(Data under study):

BEGIN

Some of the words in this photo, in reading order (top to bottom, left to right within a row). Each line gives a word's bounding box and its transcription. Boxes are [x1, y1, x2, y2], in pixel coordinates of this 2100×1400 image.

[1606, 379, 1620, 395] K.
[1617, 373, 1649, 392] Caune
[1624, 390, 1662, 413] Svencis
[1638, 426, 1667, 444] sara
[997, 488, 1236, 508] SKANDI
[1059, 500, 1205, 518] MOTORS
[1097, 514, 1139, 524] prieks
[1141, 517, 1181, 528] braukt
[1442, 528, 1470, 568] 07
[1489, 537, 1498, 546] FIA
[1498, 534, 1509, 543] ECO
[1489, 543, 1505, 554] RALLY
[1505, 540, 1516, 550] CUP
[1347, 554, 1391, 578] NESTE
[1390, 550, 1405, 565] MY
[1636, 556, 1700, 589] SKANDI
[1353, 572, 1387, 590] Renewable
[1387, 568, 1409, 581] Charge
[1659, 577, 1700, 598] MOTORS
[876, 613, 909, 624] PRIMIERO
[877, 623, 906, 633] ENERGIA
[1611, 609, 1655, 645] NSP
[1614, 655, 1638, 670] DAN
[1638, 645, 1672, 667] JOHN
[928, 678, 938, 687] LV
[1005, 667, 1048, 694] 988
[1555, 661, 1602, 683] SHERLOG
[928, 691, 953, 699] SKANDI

END

(Your objective): Return the material in full, restating each entry word for word.

(Output for this exercise):
Some of the words in this photo, in reading order (top to bottom, left to right within a row). Each line gives a word's bounding box and its transcription. Boxes are [x1, y1, x2, y2], in pixel coordinates of this 2100×1400 image.

[1606, 379, 1620, 395] K.
[1617, 373, 1649, 392] Caune
[1624, 390, 1662, 413] Svencis
[1638, 426, 1667, 444] sara
[997, 488, 1236, 508] SKANDI
[1059, 500, 1205, 518] MOTORS
[1097, 514, 1139, 524] prieks
[1141, 517, 1181, 528] braukt
[1442, 528, 1470, 568] 07
[1489, 537, 1498, 546] FIA
[1498, 534, 1509, 543] ECO
[1489, 543, 1505, 554] RALLY
[1505, 540, 1516, 550] CUP
[1347, 554, 1391, 578] NESTE
[1390, 550, 1405, 565] MY
[1636, 556, 1700, 589] SKANDI
[1353, 572, 1387, 590] Renewable
[1387, 568, 1409, 581] Charge
[1659, 577, 1700, 598] MOTORS
[876, 613, 909, 624] PRIMIERO
[877, 623, 906, 633] ENERGIA
[1611, 609, 1655, 645] NSP
[1614, 655, 1638, 670] DAN
[1638, 645, 1672, 667] JOHN
[928, 678, 938, 687] LV
[1005, 667, 1048, 694] 988
[1555, 661, 1602, 683] SHERLOG
[928, 691, 953, 699] SKANDI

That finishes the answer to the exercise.